For non-violent offenders, the First Step Act of 2018 (FSA) could provide an avenue for vulnerable defendants facing, or serving, prison time to seek a sentence reduction based on individual health concerns. The FSA authorizes a sentencing judge to grant a motion by the BOP, or a defendant who has exhausted administrative remedies, for compassionate release—reducing a term of imprisonment or imposing a non-custodial sentence—if "extraordinary and compelling reasons warrant such a reduction." 18 U.S.C. §3582(c)(1)(A)(i).
But pro forma applications for release under the FSA are unlikely to succeed. Counsel who invoke the FSA citing COVID-19 concerns must take care to overcome all necessary procedural hurdles, and articulate something more than the "mere presence" of the pandemic to obtain relief. A recent decision from the Third Circuit, developments in the Chunn litigation in the Eastern District of New York, and the Department of Justice's new policies on applying the FSA offer important guidance for attorneys looking to reduce their clients' sentences in light of the COVID-19 pandemic.

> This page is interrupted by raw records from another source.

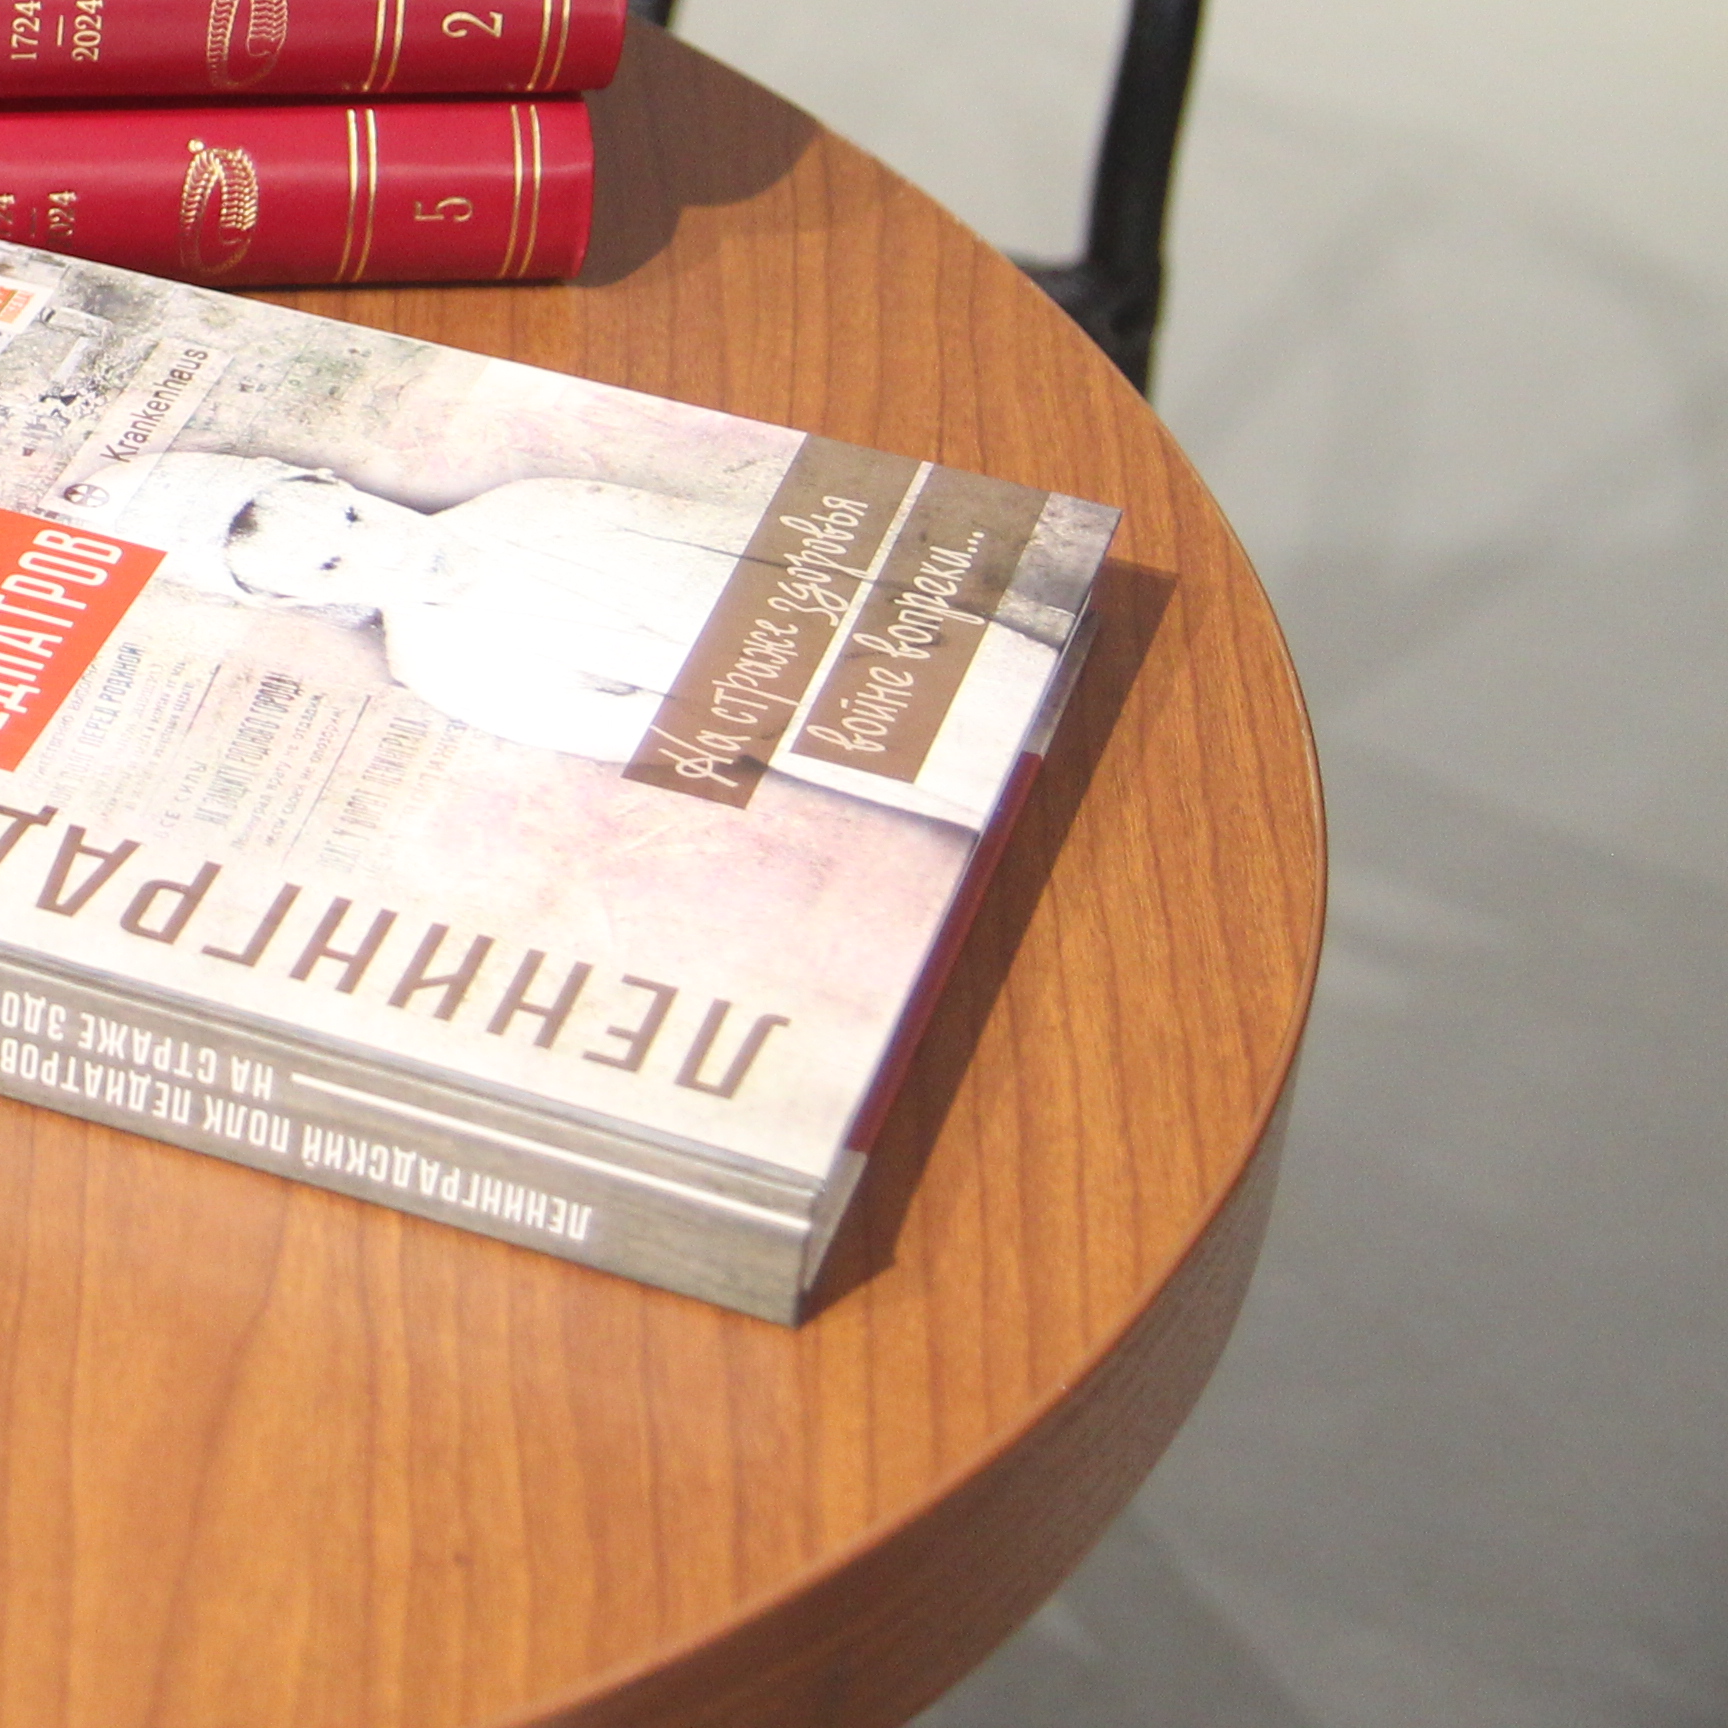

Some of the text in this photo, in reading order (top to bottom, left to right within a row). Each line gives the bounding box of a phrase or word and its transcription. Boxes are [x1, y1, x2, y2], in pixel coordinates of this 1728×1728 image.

[10, 0, 42, 63] 1724
[442, 11, 505, 38] 2
[415, 196, 473, 224] 5
[100, 348, 208, 463] Krankenhaus
[674, 494, 869, 790] На страже здоровья
[805, 666, 913, 754] войне
[79, 1019, 212, 1084] СТРАЖЕ
[221, 1056, 272, 1099] НА
[200, 1106, 289, 1154] ПОЛК
[302, 1134, 593, 1240] ЛЕНИНГРАДСКИЙ

|Third Circuit's Decision in 'Raia'
The Third Circuit's precedential opinion in Raia illustrates the nuance of the statute. In Raia, a 68-year old Parkinson's disease victim with diabetes and a heart condition faced three months' imprisonment for buying votes as a city council candidate in Jersey City, N.J. United States v. Raia, — F.3d —, 2020 WL 1647922 (3d Cir. April 2, 2020). Raia reported to a New Jersey federal prison in early March, just as COVID-19 statistics began their staggering ascent in the New York/New Jersey area. Raia moved before the district court for compassionate release under the FSA, citing his health concerns and heightened risk for contracting the virus while in close-quarter confinement. Despite its "substantive merit," the district court said it lacked jurisdiction to decide the motion because of the government's pending appeal of Raia's sentence. The sentencing judge stated that Raia's age and medical conditions informed his initial conclusion that a "short term of imprisonment" would suffice without putting Raia at serious risk, but that the COVID-19 pandemic rendered that conclusion "subject to serious reconsideration." The judge went on to note that "a non-custodial sentence would be more appropriate." United States v. Raia, 18-cr-657 (D.N.J. March 26, 2020), Docket Entry No 86. Nevertheless, the court denied Raia's motion for compassionate release.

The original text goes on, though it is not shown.